Saturday 7th November

We set off a few fireworks in our street last night and took advantage of our missing fence panel in the back garden once again. An appropriately socially distanced chat with our neighbours either side of the fire pit was just what the doctor ordered.

This evening we resurrected our Saturday DIY Zoom quiz with our old university friends. This had become a firm part of our weekly routine for nearly three months during the first lockdown. I know it seems so last April now, but devising quiz rounds every week provided a constructive non-work focal point throughout spring and early summer. It was good to get the gang back together again. That should help smooth the passage of the next three or four weekends.

Sunday 8th November

I had a couple of hours to kill in Reading while Toby was sitting his grammar school entrance exams this morning. While a fair number of shops remain open, a significant number are nonetheless shut under the lockdown regulations. The town centre itself was eerily quiet, even at 11am.

While I still believe a short lockdown is the right thing to do, I can also see why the government has been reluctant to further slow down an economy which is still on its knees after the first lockdown. Normally at this time of year, shoppers are just starting to wind up for Christmas. Not in 2020.

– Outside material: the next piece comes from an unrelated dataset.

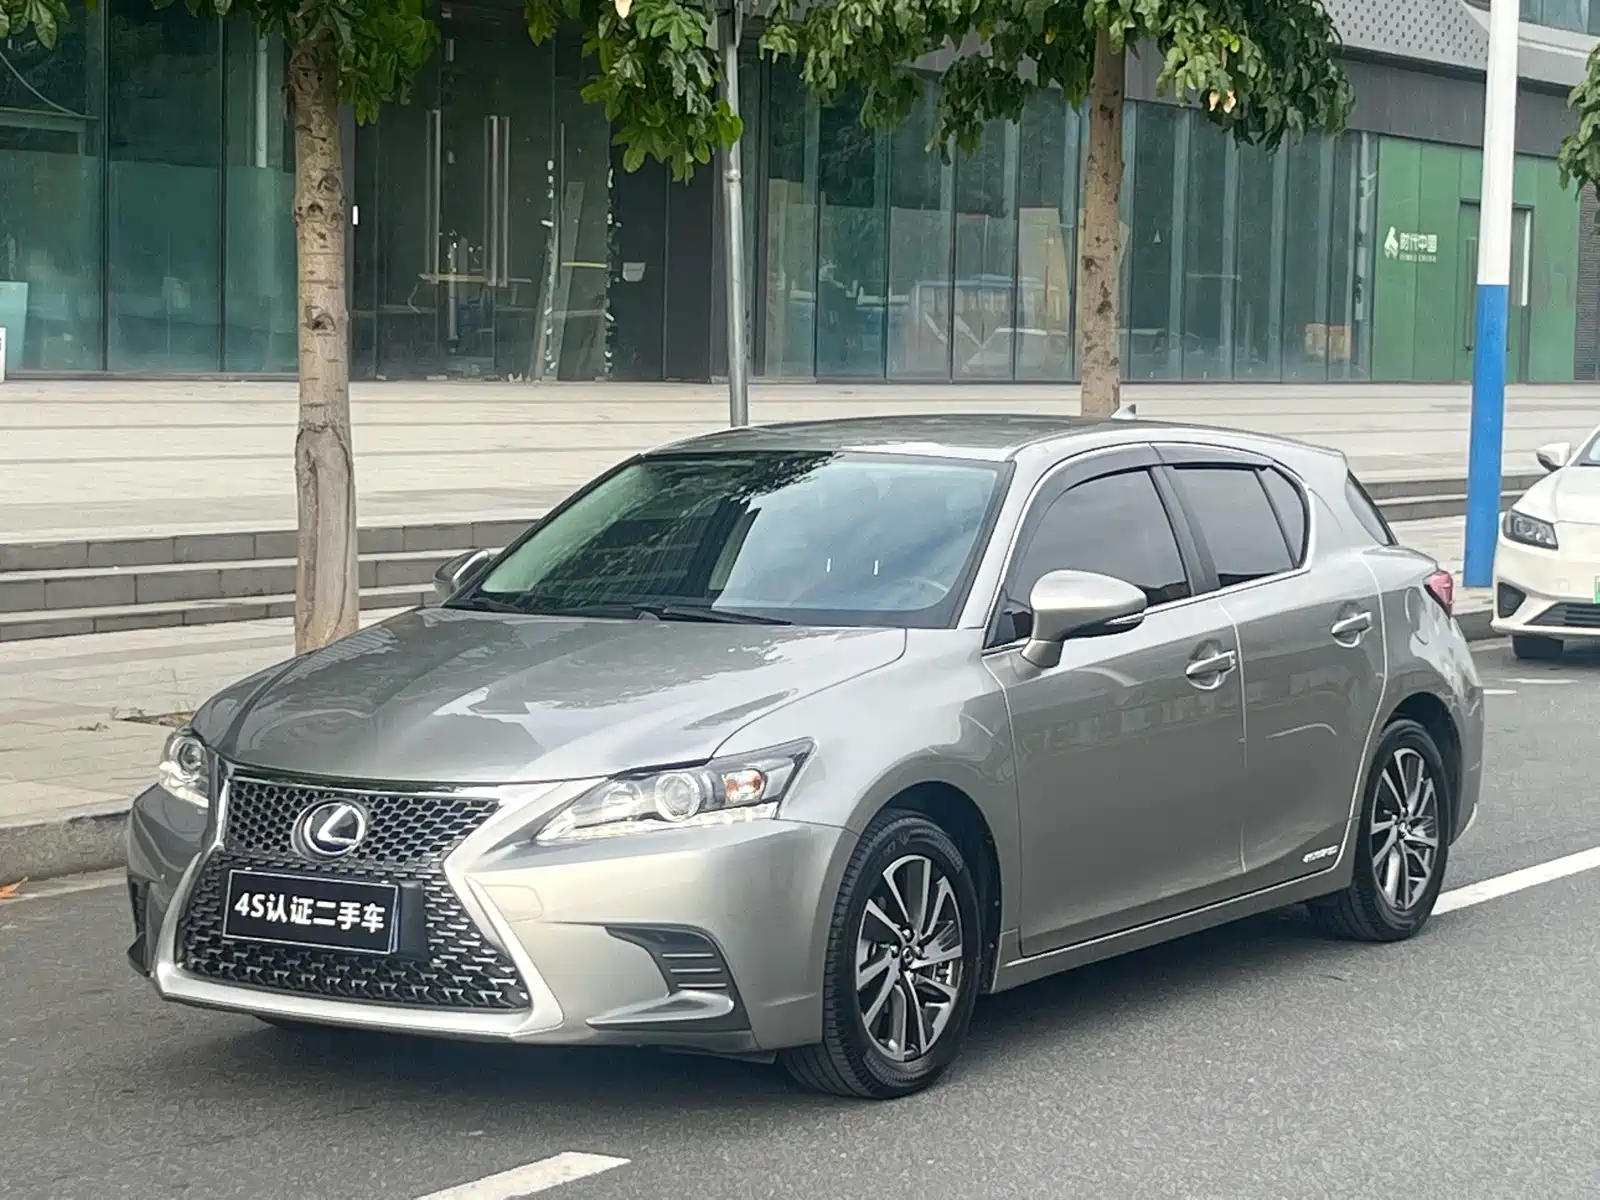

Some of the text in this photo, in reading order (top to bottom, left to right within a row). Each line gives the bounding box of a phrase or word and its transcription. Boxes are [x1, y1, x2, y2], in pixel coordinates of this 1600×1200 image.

We already do most of our present buying online. That will be even more the case this year and I doubt we’ll be alone in that regard. I’m already starting to think how I can minimise the amount of last-minute shopping I do for Christmas. Normally I’d avoid the worst of the crowds and the overflowing car parks by wandering into town with a backpack a couple of times in the final few days. This year, I’m going to try to cut even that down to a bare minimum.

Tuesday 10th November

There has been a lot of excitement over the last day or so after Pfizer announced trial results that suggest they now have a vaccine which is 90% effective against Covid-19. Enough excitement that the Prime Minister had to call a news conference to remind people that this doesn’t mean we can all start celebrating just yet.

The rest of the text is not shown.